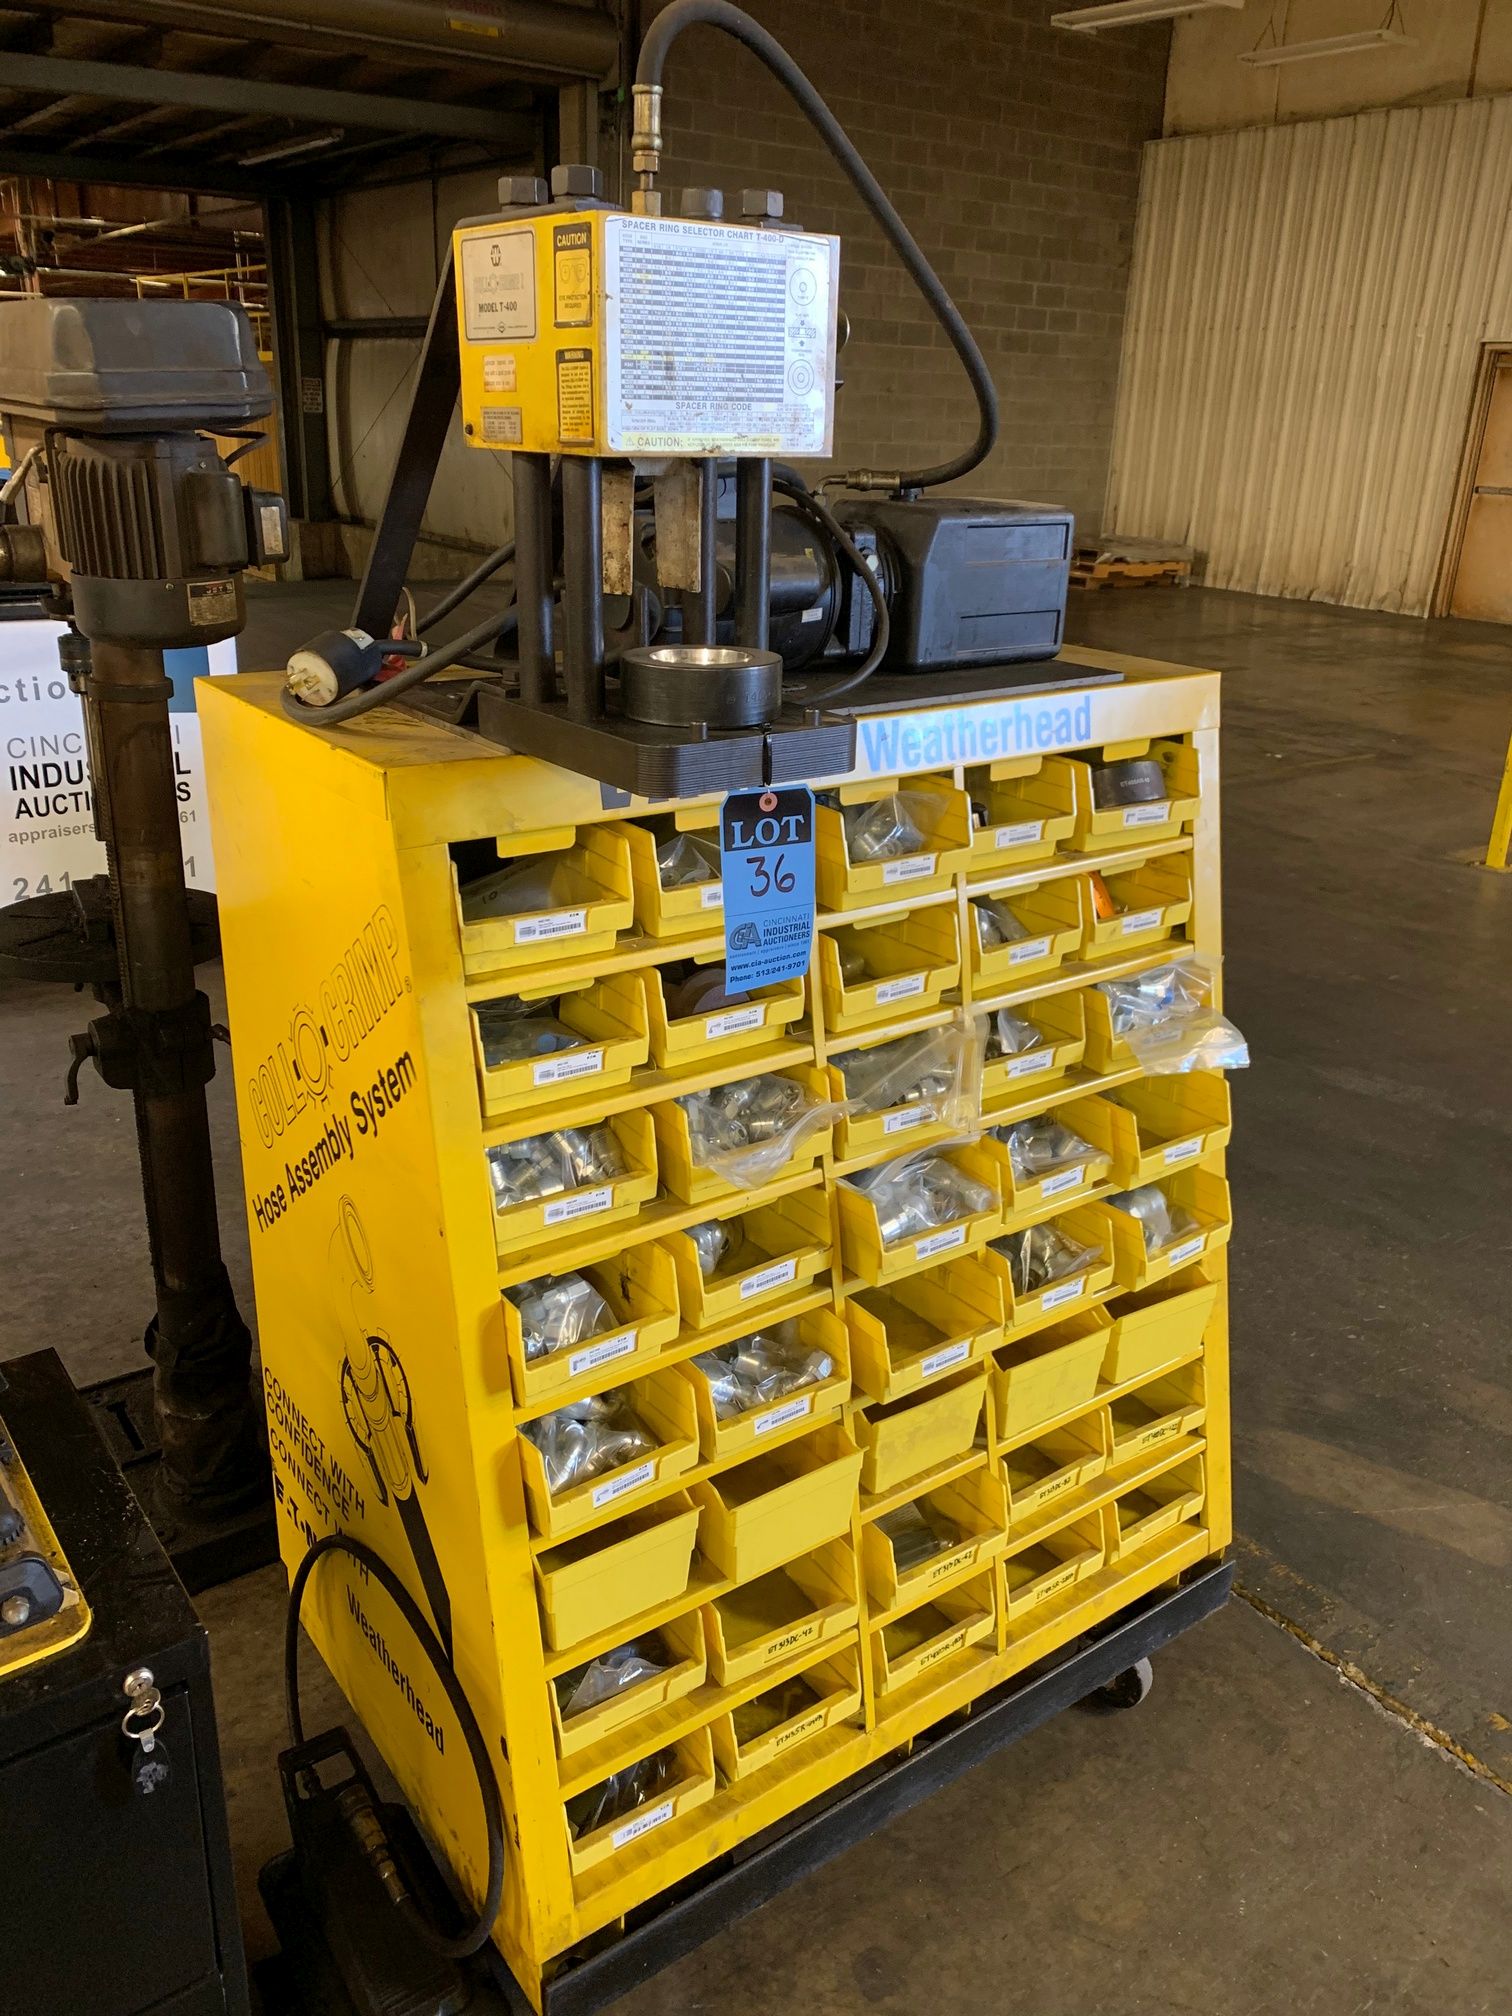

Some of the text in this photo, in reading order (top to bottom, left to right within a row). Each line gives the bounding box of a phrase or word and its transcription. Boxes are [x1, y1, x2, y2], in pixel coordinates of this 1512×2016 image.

[557, 232, 587, 247] CAUTION
[622, 220, 656, 231] SPACER
[659, 224, 680, 233] RING
[682, 225, 725, 239] SELECTOR
[727, 230, 754, 240] CHART
[478, 301, 517, 313] MODEL T-400
[675, 402, 752, 411] SPACER RING CODE
[637, 437, 683, 447] CAUTION:
[860, 696, 1091, 772] Weatherhead
[731, 815, 805, 849] LOT
[746, 853, 796, 897] 36
[763, 913, 810, 927] CINCINNATI
[763, 922, 811, 937] INDUSTRIAL
[763, 930, 810, 946] AUCTIONEERS
[731, 951, 807, 971] www.cia-auction.com
[730, 973, 754, 983] Phone:
[252, 1050, 418, 1233] Hose Assembly System
[264, 1366, 365, 1520] CONNECT WITH
[265, 1391, 350, 1522] CONFIDENCE
[270, 1426, 330, 1525] CONNECT
[346, 1584, 445, 1756] Weatherhead
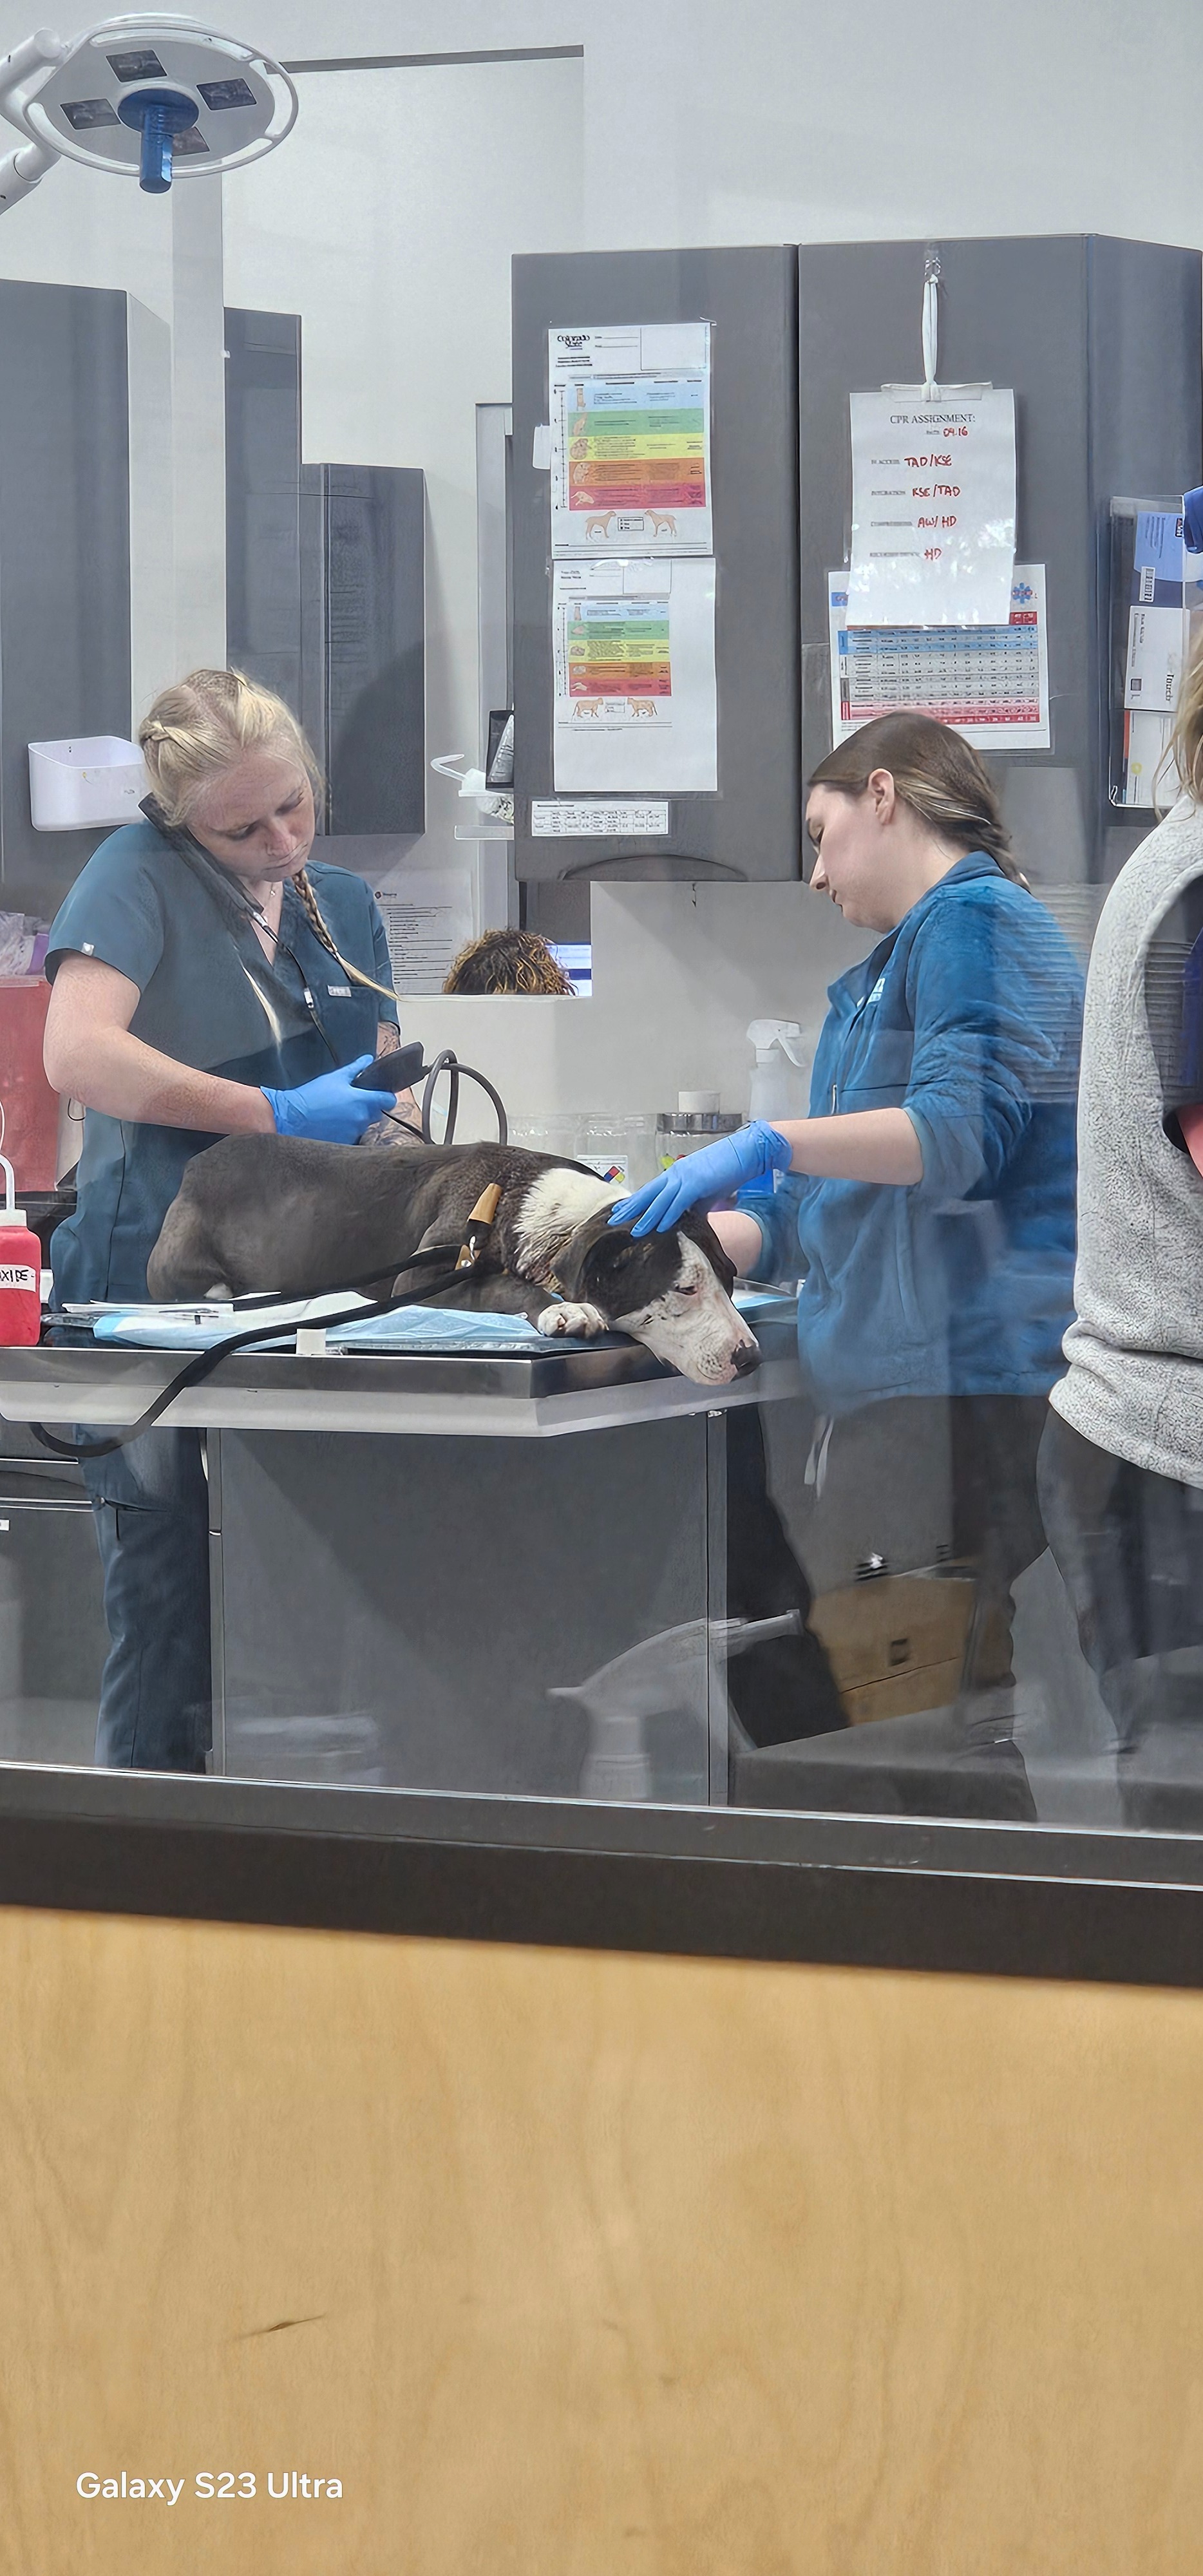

**Exercise requirements**
Output all of the data exactly. Skip the pictures.

**Exercise output**
Some of the text in this photo, in reading order (top to bottom, left to right within a row). Each line gives the bounding box of a phrase or word and its transcription. Boxes are [x1, y1, x2, y2], in pixel coordinates of this 1512×2016 image.

[557, 232, 587, 247] CAUTION
[622, 220, 656, 231] SPACER
[659, 224, 680, 233] RING
[682, 225, 725, 239] SELECTOR
[727, 230, 754, 240] CHART
[478, 301, 517, 313] MODEL T-400
[675, 402, 752, 411] SPACER RING CODE
[637, 437, 683, 447] CAUTION:
[860, 696, 1091, 772] Weatherhead
[731, 815, 805, 849] LOT
[746, 853, 796, 897] 36
[763, 913, 810, 927] CINCINNATI
[763, 922, 811, 937] INDUSTRIAL
[763, 930, 810, 946] AUCTIONEERS
[731, 951, 807, 971] www.cia-auction.com
[730, 973, 754, 983] Phone:
[252, 1050, 418, 1233] Hose Assembly System
[264, 1366, 365, 1520] CONNECT WITH
[265, 1391, 350, 1522] CONFIDENCE
[270, 1426, 330, 1525] CONNECT
[346, 1584, 445, 1756] Weatherhead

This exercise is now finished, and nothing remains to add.